▸ **ABOUT THIS TASK**: With the pictures left aside, write out the entries that follow exactly.
Start of DATA FOR REVIEW
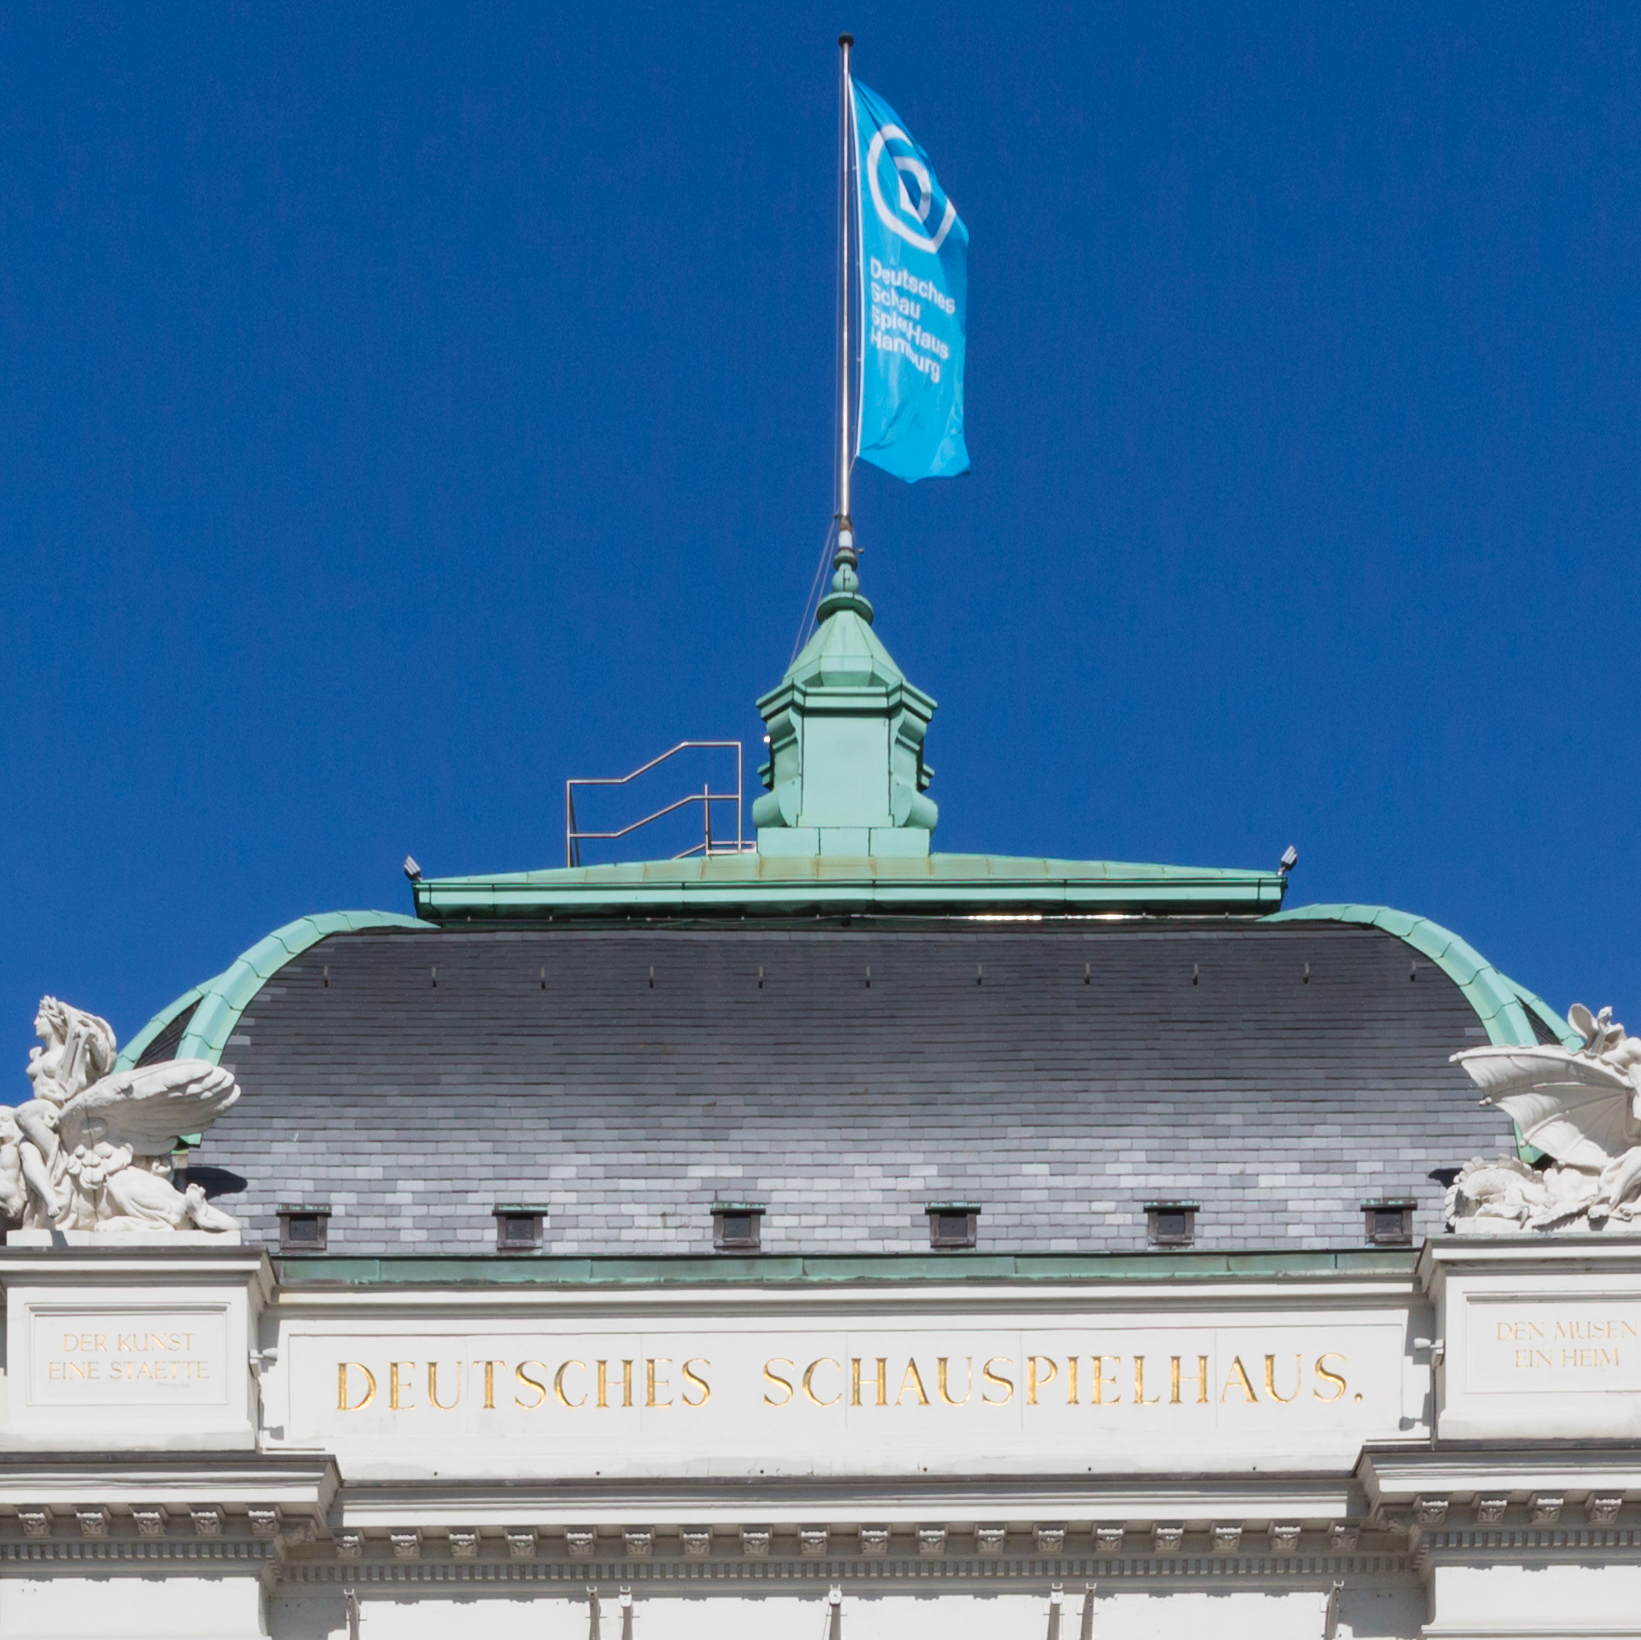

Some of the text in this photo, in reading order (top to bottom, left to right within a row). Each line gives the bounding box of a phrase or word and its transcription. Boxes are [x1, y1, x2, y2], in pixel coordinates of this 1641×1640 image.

[870, 257, 956, 315] Deutsches
[871, 281, 921, 320] Schau
[1496, 1319, 1640, 1341] DEN MUSEN
[62, 1333, 195, 1353] DER KUNST
[1514, 1348, 1621, 1369] EIN HEIM
[48, 1361, 101, 1380] EINE
[335, 1352, 1365, 1411] DEUTSCHES SCHAUSPIELHAUS.
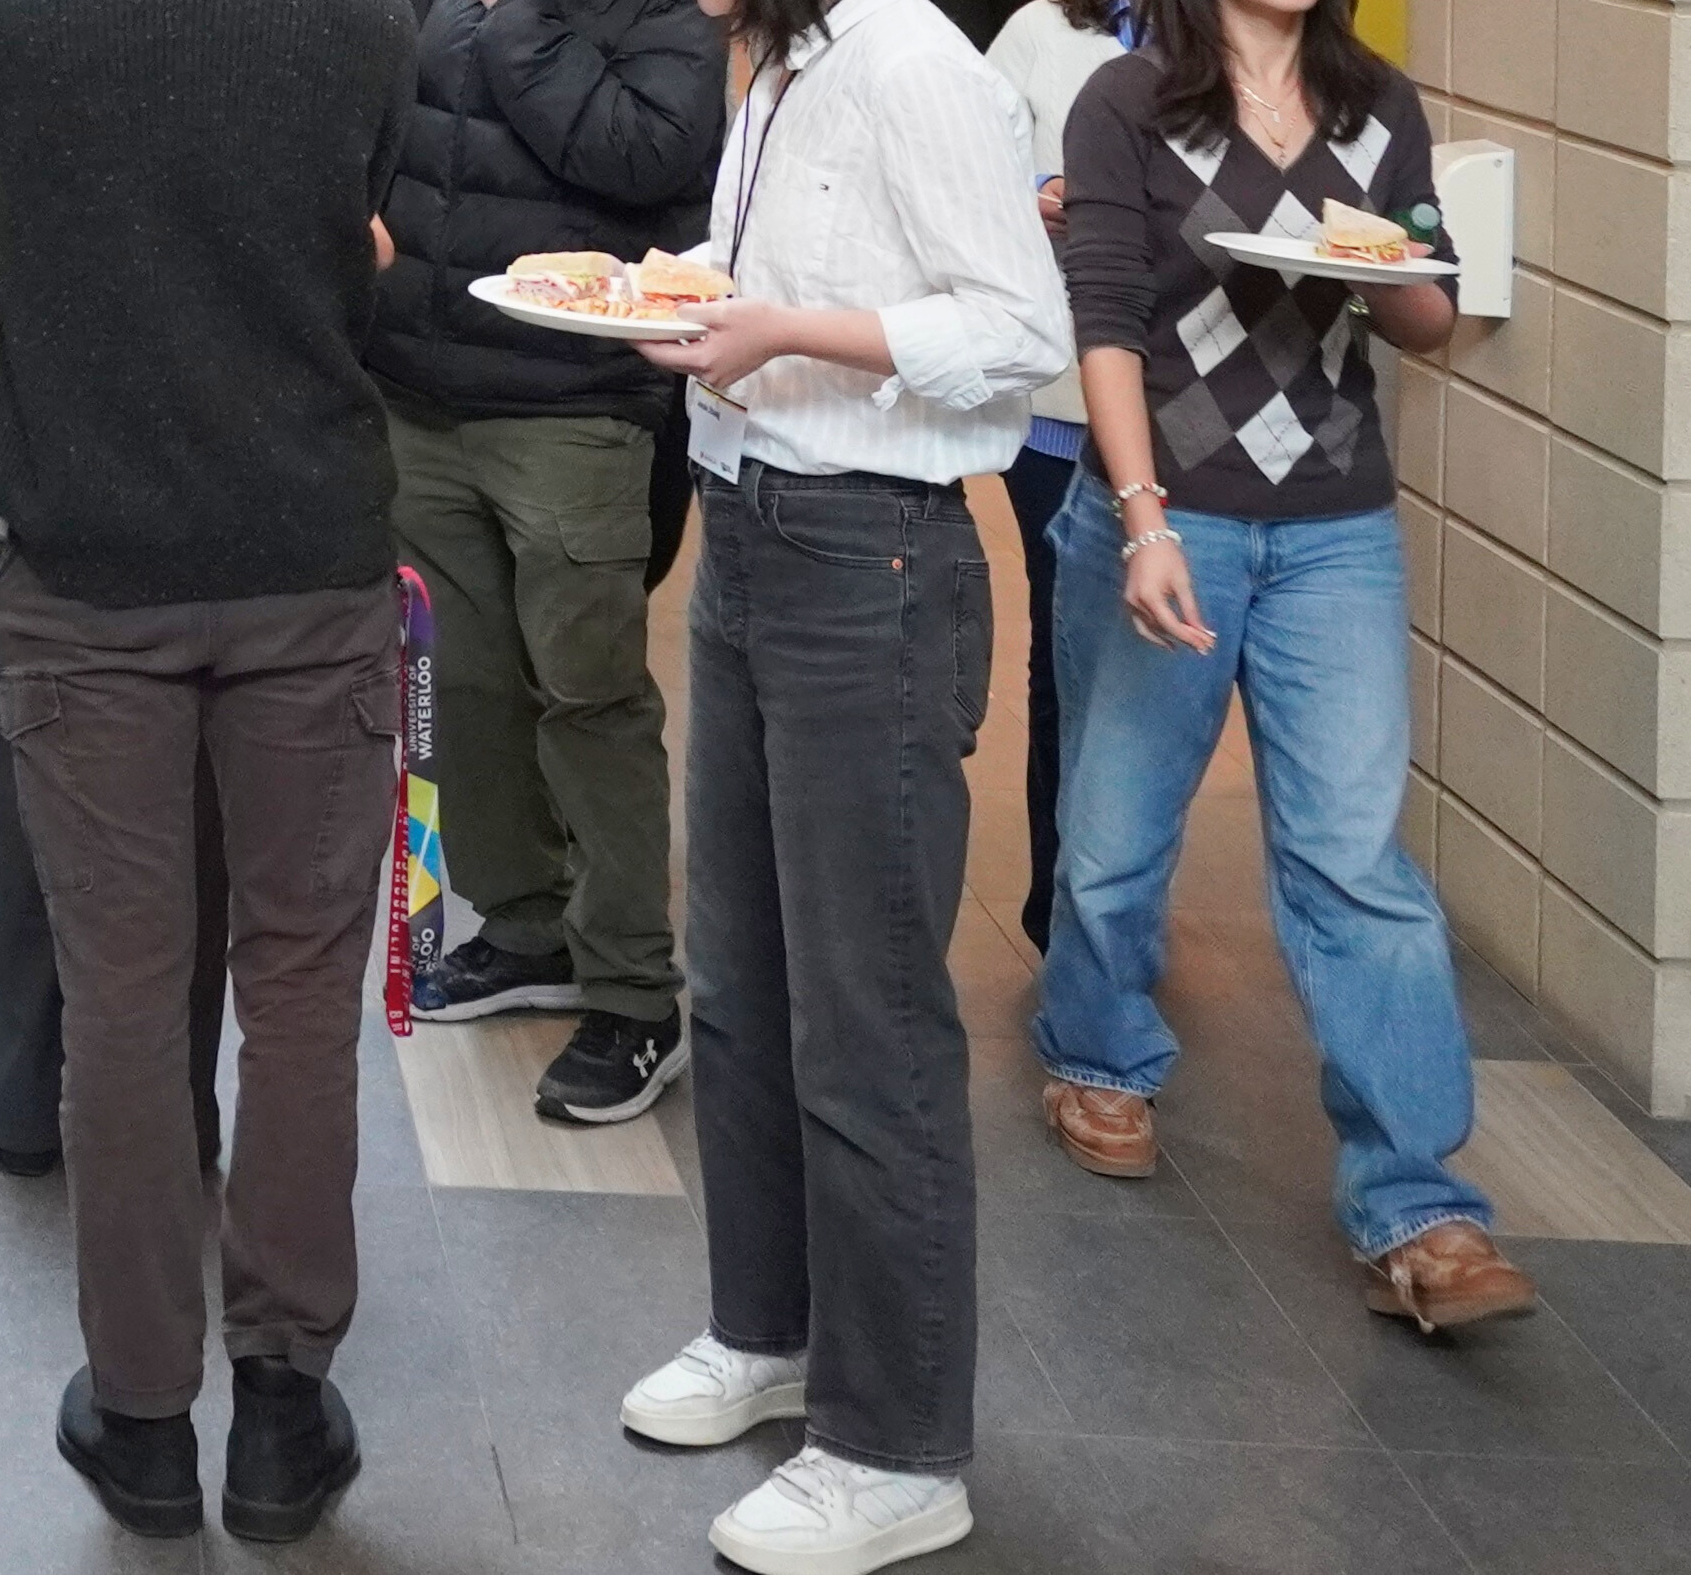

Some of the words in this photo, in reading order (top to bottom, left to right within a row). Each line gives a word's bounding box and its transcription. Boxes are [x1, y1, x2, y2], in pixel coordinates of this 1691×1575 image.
End of DATA FOR REVIEW
▸ **TASK ANSWER**:
Some of the text in this photo, in reading order (top to bottom, left to right within a row). Each line gives the bounding box of a phrase or word and its transcription. Boxes are [x1, y1, x2, y2], in pixel coordinates of this 1641×1640 image.

[870, 257, 956, 315] Deutsches
[871, 281, 921, 320] Schau
[1496, 1319, 1640, 1341] DEN MUSEN
[62, 1333, 195, 1353] DER KUNST
[1514, 1348, 1621, 1369] EIN HEIM
[48, 1361, 101, 1380] EINE
[335, 1352, 1365, 1411] DEUTSCHES SCHAUSPIELHAUS.

Some of the words in this photo, in reading order (top to bottom, left to right within a row). Each line gives a word's bounding box and its transcription. Boxes are [x1, y1, x2, y2], in pixel coordinates of this 1691×1575 image.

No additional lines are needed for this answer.